En revanche, en ce qui concerne le cas du juge cantonal Y.________, le
recourant s'en prend à la première motivation de la décision entreprise; il
soutient en effet que le Président ad hoc du Tribunal cantonal a versé dans
l'arbitraire en constatant que l'appelant n'avait pas récusé immédiatement le
juge cantonal Y.________. Il convient dès lors d'entrer en matière sur le
recours en tant qu'il se rapporte au rejet de la demande de récusation du juge
cantonal Y.________.

2.
Invoquant l'art. 30 al. 1 Cst., le recourant voit quatre motifs de prévention
qui justifieraient la récusation du juge cantonal Y.________. Premièrement,
dans un jugement du 13 juillet 2011, Y.________, juge unique, a rejeté la
demande de révision formée par le recourant contre sa condamnation pour
dénonciation calomnieuse à la suite d'une plainte de B.________, lequel faisait
partie de l'administration de la faillite de A.________ SA; ce faisant, le juge
Y.________ aurait préféré laisser condamner une personne qu'il savait
innocente.
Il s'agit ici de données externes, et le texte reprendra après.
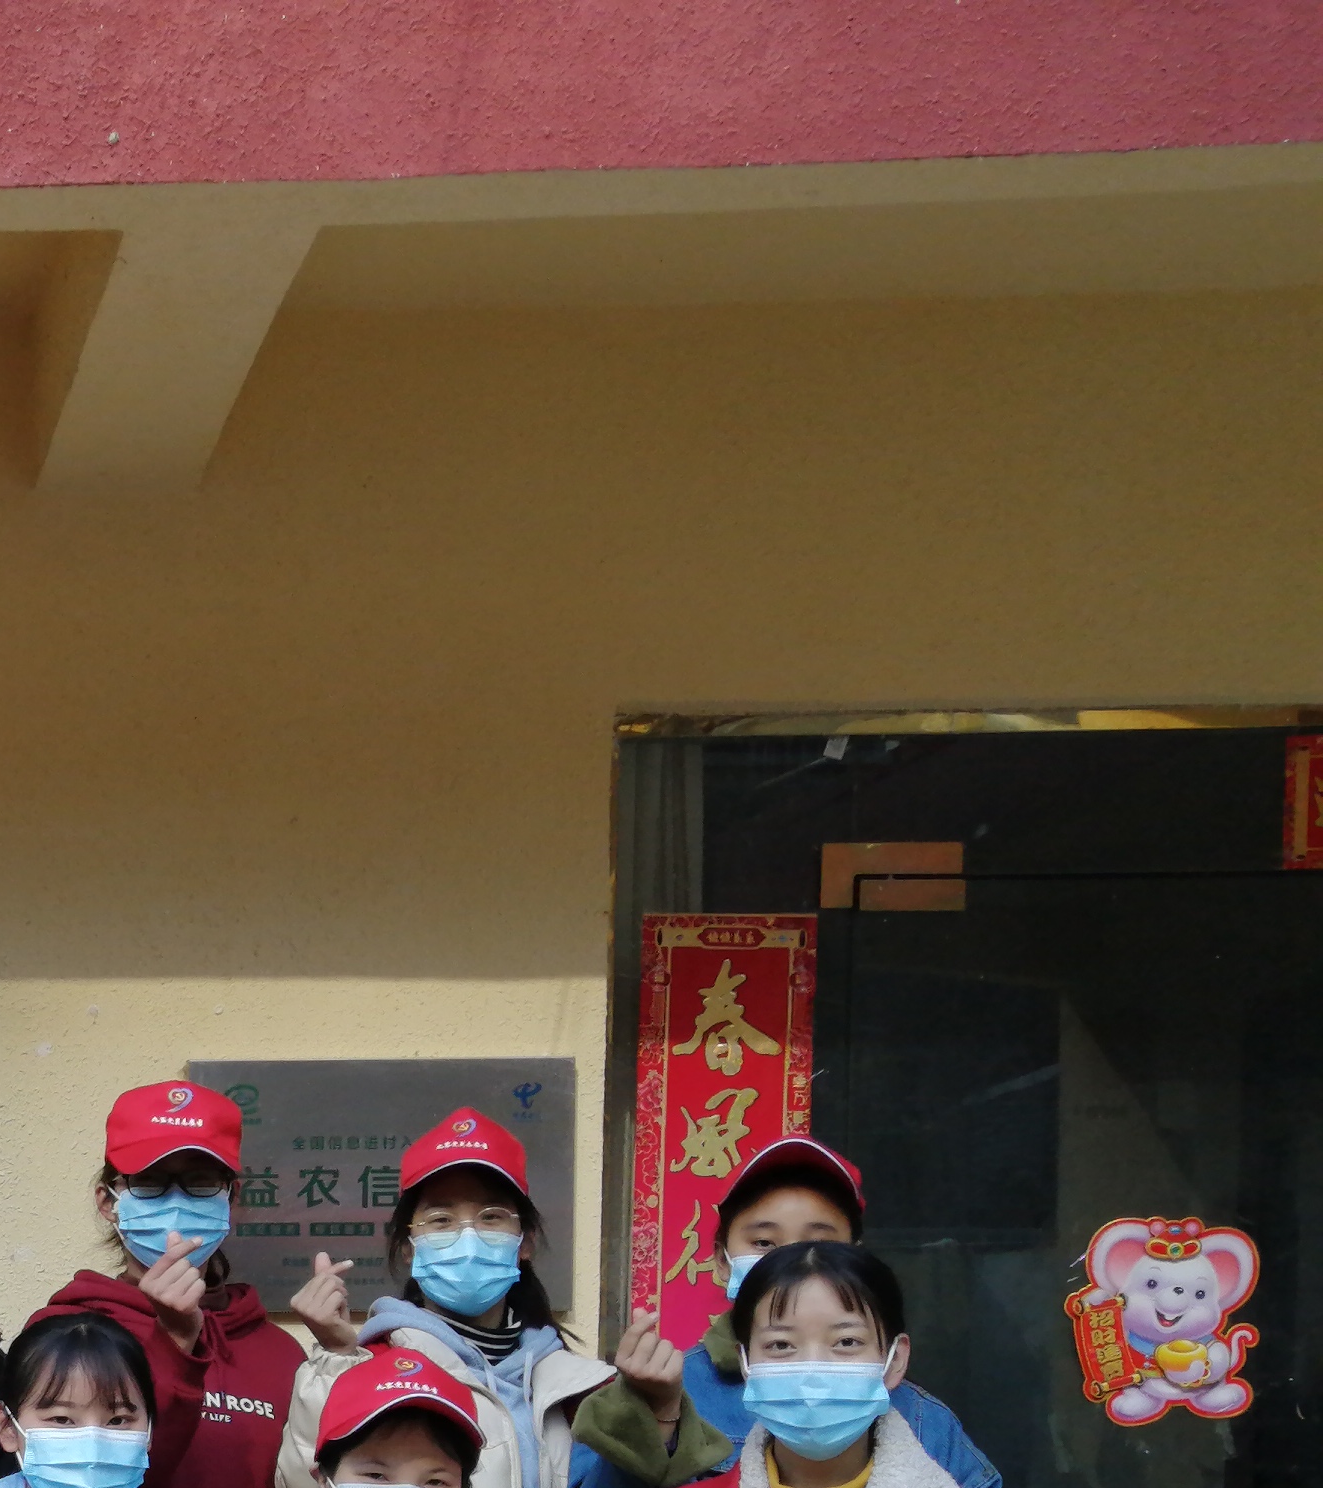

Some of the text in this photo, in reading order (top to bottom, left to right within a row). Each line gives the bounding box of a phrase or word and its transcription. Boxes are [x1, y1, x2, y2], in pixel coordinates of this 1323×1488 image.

[236, 1165, 401, 1209] 益农信
[209, 1412, 232, 1423] LIFE
[225, 1394, 275, 1420] ROSE
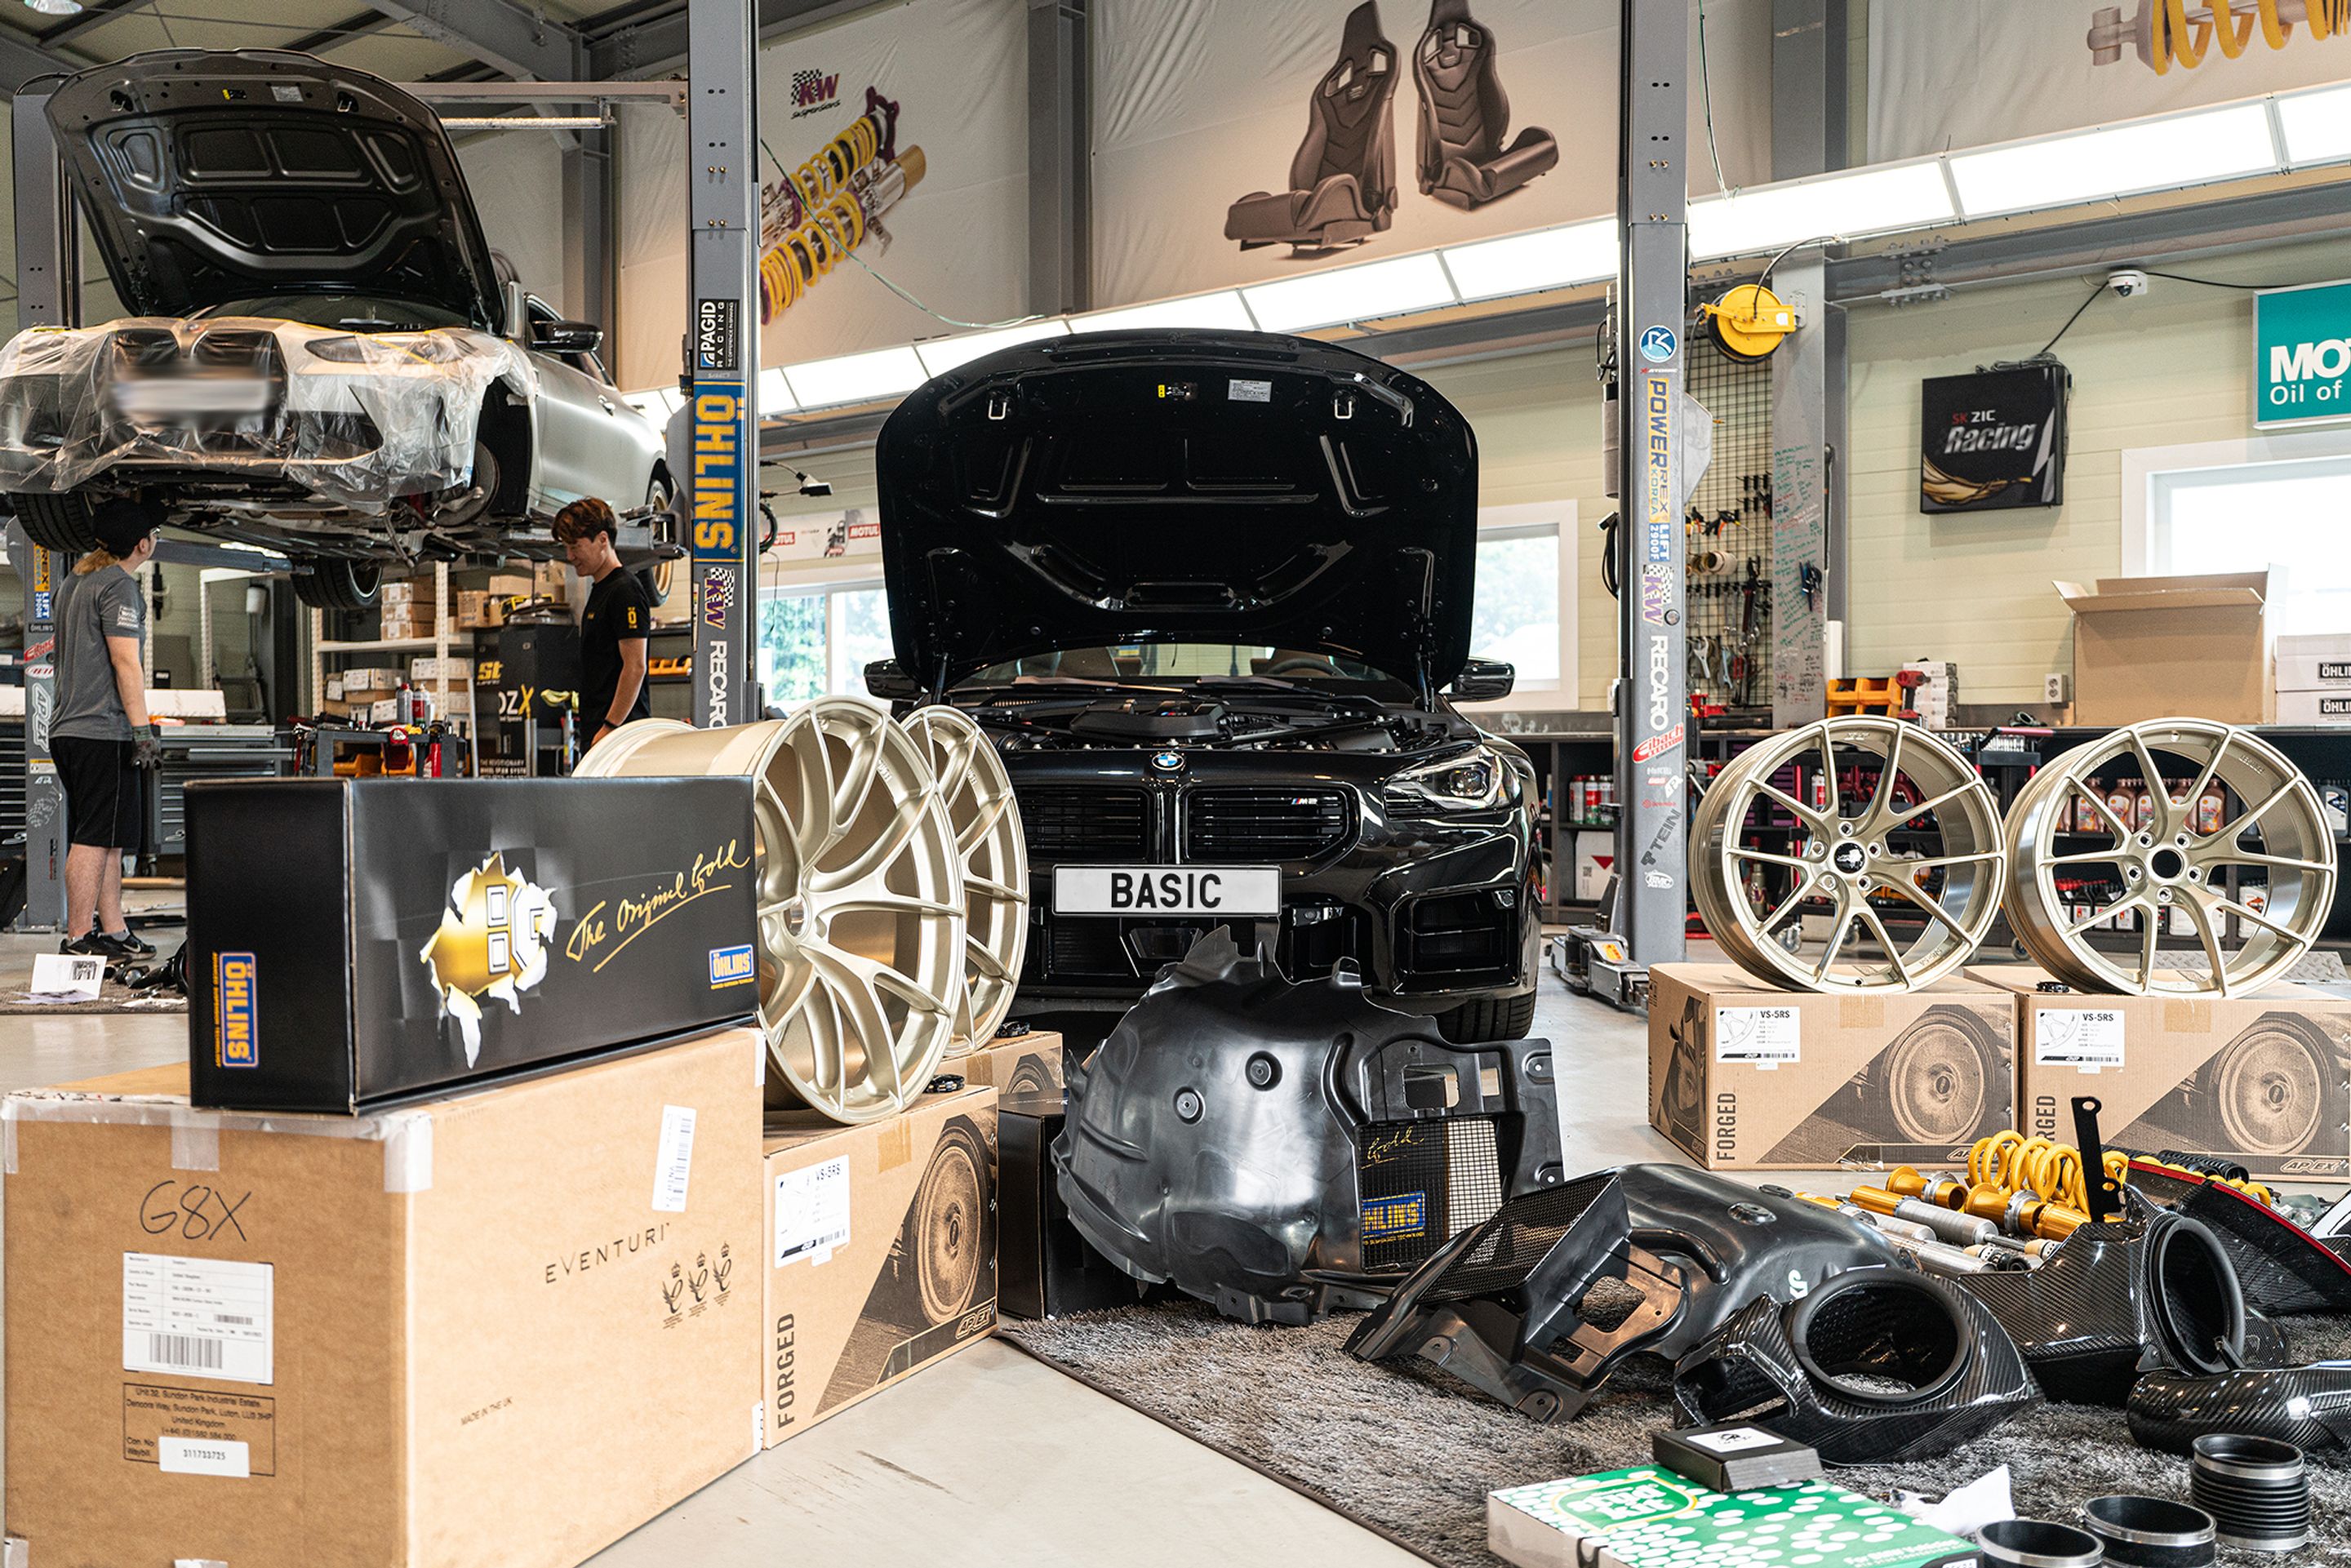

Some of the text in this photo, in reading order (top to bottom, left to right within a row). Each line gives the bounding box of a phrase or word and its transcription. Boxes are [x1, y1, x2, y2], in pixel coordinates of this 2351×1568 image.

[798, 73, 839, 107] KW
[700, 301, 716, 351] PAGID
[717, 301, 725, 367] RACING
[2270, 338, 2351, 383] MO
[2270, 379, 2343, 405] Oil of
[1952, 410, 1996, 424] SK ZIC
[1944, 422, 2038, 454] Racing
[696, 394, 744, 549] ÖHLINS
[1651, 469, 1659, 515] KOREA
[850, 526, 879, 538] MOTUL
[1660, 523, 1670, 561] LIFT
[704, 577, 726, 631] KW
[1642, 575, 1664, 627] KW
[1650, 635, 1669, 731] RECARO
[2322, 663, 2351, 677] ÖHLI
[2323, 699, 2351, 713] ÖHLI
[1633, 723, 1684, 763] Eibach
[1650, 809, 1682, 850] TEIN
[567, 839, 750, 962] The Original Gold
[1111, 873, 1221, 908] BASIC
[713, 950, 751, 979] ÖHLINS
[224, 962, 252, 1059] ÖHLINS
[1760, 1011, 1790, 1019] VS-5RS
[2082, 1013, 2114, 1022] VS-5RS
[1717, 1092, 1736, 1161] FORGED
[816, 1163, 841, 1181] VS-5RS
[2283, 1159, 2340, 1173] APEX
[140, 1179, 252, 1242] G8X
[1364, 1202, 1419, 1233] HLINS
[545, 1224, 664, 1284] EVENTURI
[777, 1313, 795, 1428] FORGED
[162, 1390, 189, 1401] Sundon
[190, 1393, 204, 1401] Park
[172, 1404, 199, 1414] Sundon
[171, 1416, 226, 1428] United Kingdom
[183, 1449, 226, 1461] 311733725
En deuxième lieu, Y.________ fait partie de l'autorité cantonale
qui, par arrêt du 21 janvier 2011, a rejeté le recours déposé par le recourant
contre la décision par laquelle la Présidente de l'Autorité cantonale de
surveillance des avocats valaisans l'a radié du registre cantonal des avocats
en raison de la condamnation pénale susmentionnée; or, une radiation éventuelle
n'incomberait pas à la Présidente de l'Autorité cantonale de surveillance des
avocats, mais à la Chambre de surveillance des avocats, ce que Y.________, en
tant que rédacteur du message du Grand Conseil à ce sujet, ne pouvait ignorer.
Troisièmement, le juge cantonal Y.________ aurait montré sa prévention en
refusant de suspendre la procédure d'appel contre le jugement du 6 septembre
2011 jusqu'à droit connu sur la procédure pénale ouverte, sur dénonciation du
recourant, contre l'expert dont le rapport aurait servi de base à la décision
de première instance. En quatrième lieu, Y.________ préside la Cour de droit
public du Tribunal cantonal et ne disposerait d'aucune connaissance en droit
civil.

2.1 La garantie d'un tribunal indépendant et impartial résultant des art. 30
al. 1 Cst. et 6 ch. 1 CEDH - qui ont, de ce point de vue, la même portée -
permet de demander la récusation d'un juge dont la situation ou le comportement
est de nature à faire naître un doute sur son impartialité. Elle vise à éviter
que des circonstances extérieures à l'affaire puissent influencer le jugement
en faveur ou au détriment d'une partie. Elle n'impose pas la récusation
seulement lorsqu'une prévention effective est établie, car une disposition
relevant du for intérieur ne peut guère être prouvée; il suffit que les
circonstances donnent l'apparence d'une prévention et fassent redouter une
activité partiale du magistrat. Cependant, seules les circonstances
objectivement constatées doivent être prises en compte, les impressions
purement subjectives de la partie qui demande la récusation n'étant pas
décisives (ATF 138 I 1 consid. 2.2 p. 3 s. et les arrêts cités).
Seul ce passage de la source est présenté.